Free-text object descriptions:
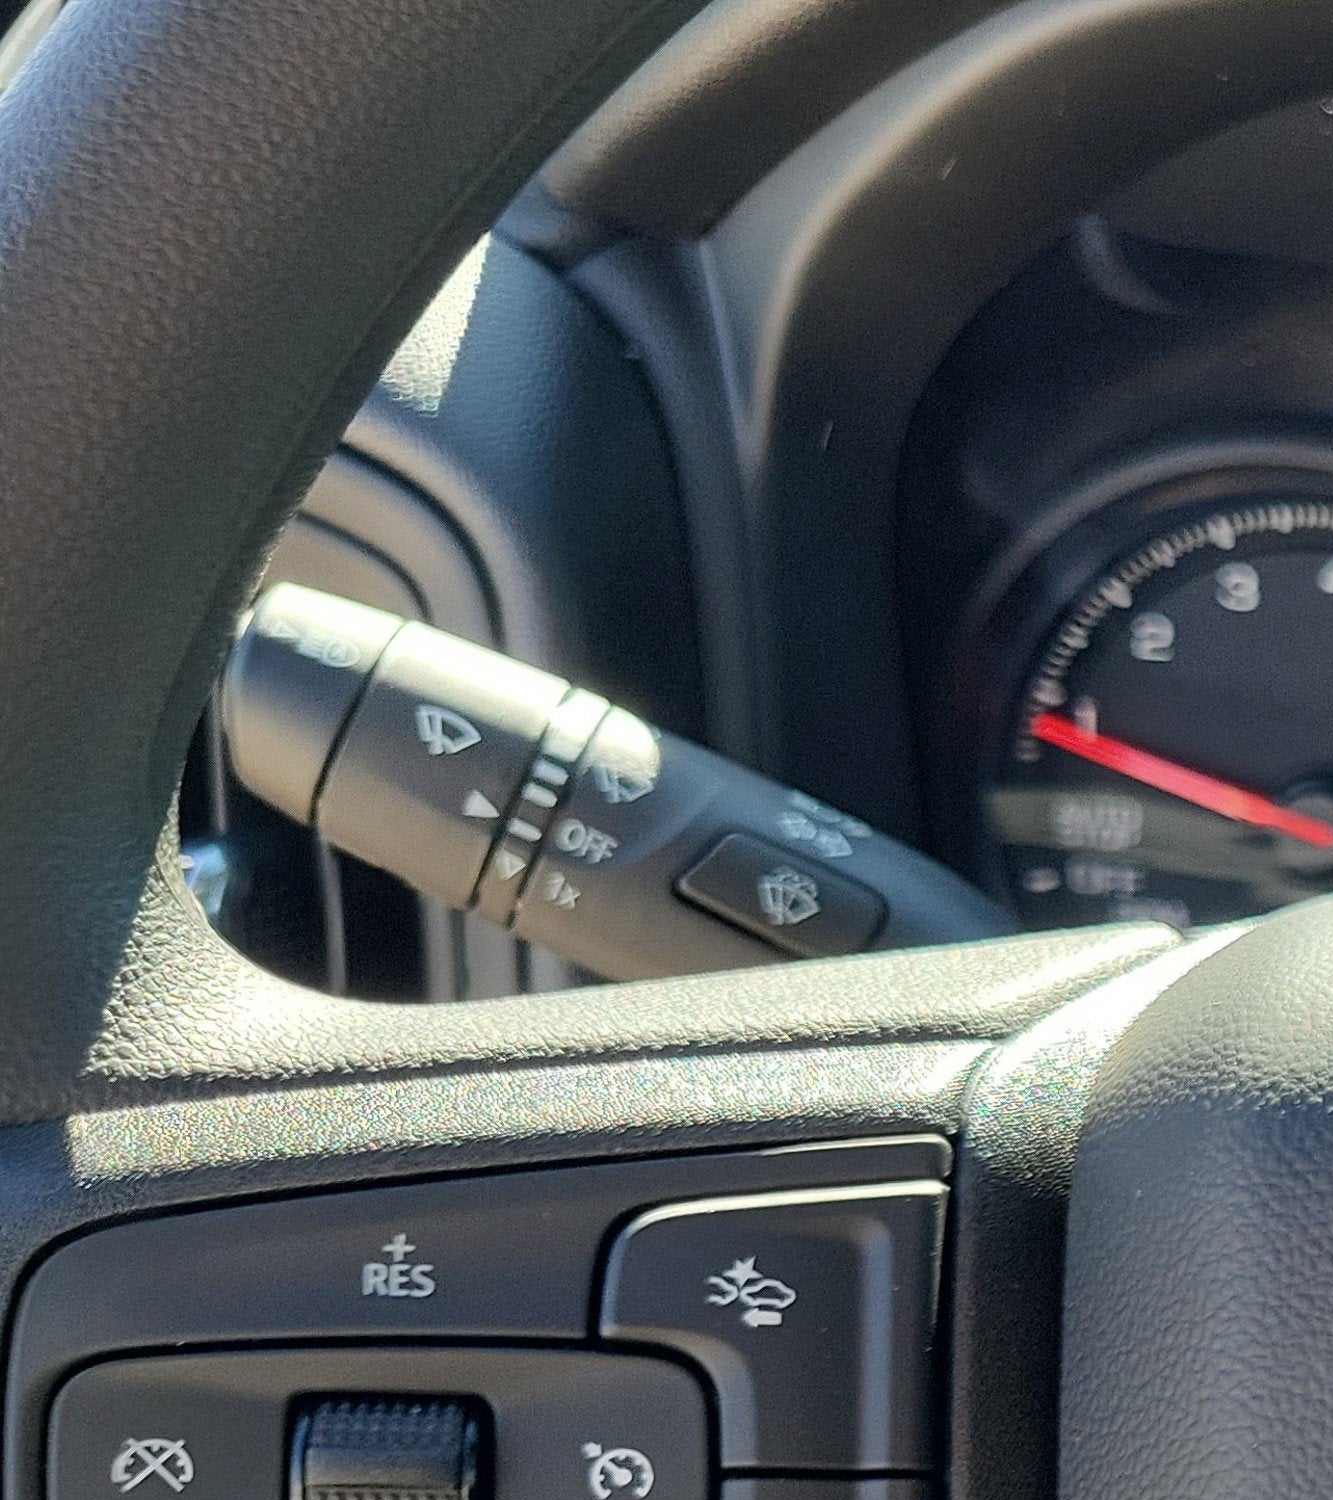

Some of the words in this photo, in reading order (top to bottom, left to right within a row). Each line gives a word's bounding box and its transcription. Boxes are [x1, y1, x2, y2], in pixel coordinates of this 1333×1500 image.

[1214, 561, 1261, 612] 3
[1130, 611, 1175, 662] 2
[555, 818, 618, 863] OFF
[361, 1262, 436, 1298] RES
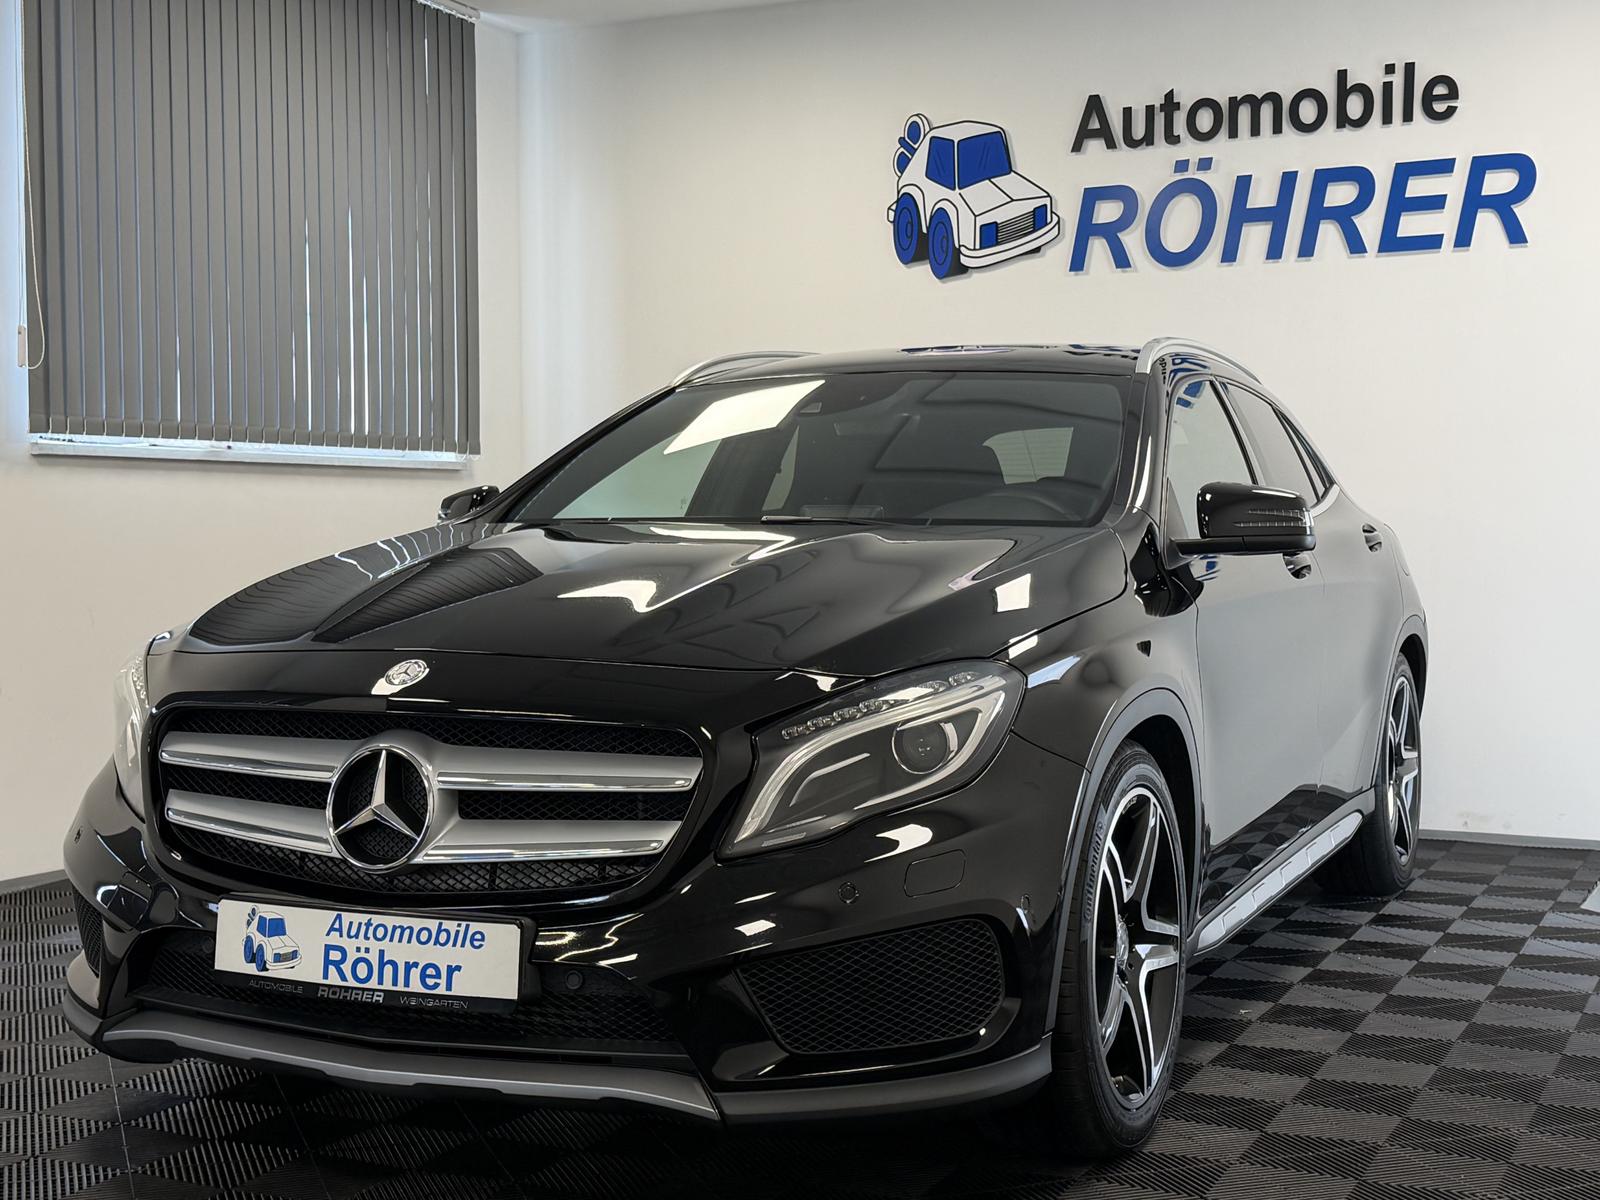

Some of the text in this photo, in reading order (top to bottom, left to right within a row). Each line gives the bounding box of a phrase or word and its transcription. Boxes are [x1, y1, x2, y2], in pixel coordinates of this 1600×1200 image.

[1071, 62, 1460, 153] Automobile
[1069, 154, 1537, 273] RÖHRER
[325, 913, 486, 949] Automobile
[322, 943, 462, 992] Röhrer
[249, 979, 304, 994] AUTOMOBILE
[399, 996, 469, 1009] WEINGARTEN

§ **Work order**
Start copying at the line that contains "Some of the text" and stop after the last line of the records, keeping every line exactly.

§ **Response below**
Some of the text in this photo, in reading order (top to bottom, left to right within a row). Each line gives the bounding box of a phrase or word and its transcription. Boxes are [x1, y1, x2, y2], in pixel coordinates of this 1600×1200 image.

[1071, 62, 1460, 153] Automobile
[1069, 154, 1537, 273] RÖHRER
[325, 913, 486, 949] Automobile
[322, 943, 462, 992] Röhrer
[249, 979, 304, 994] AUTOMOBILE
[399, 996, 469, 1009] WEINGARTEN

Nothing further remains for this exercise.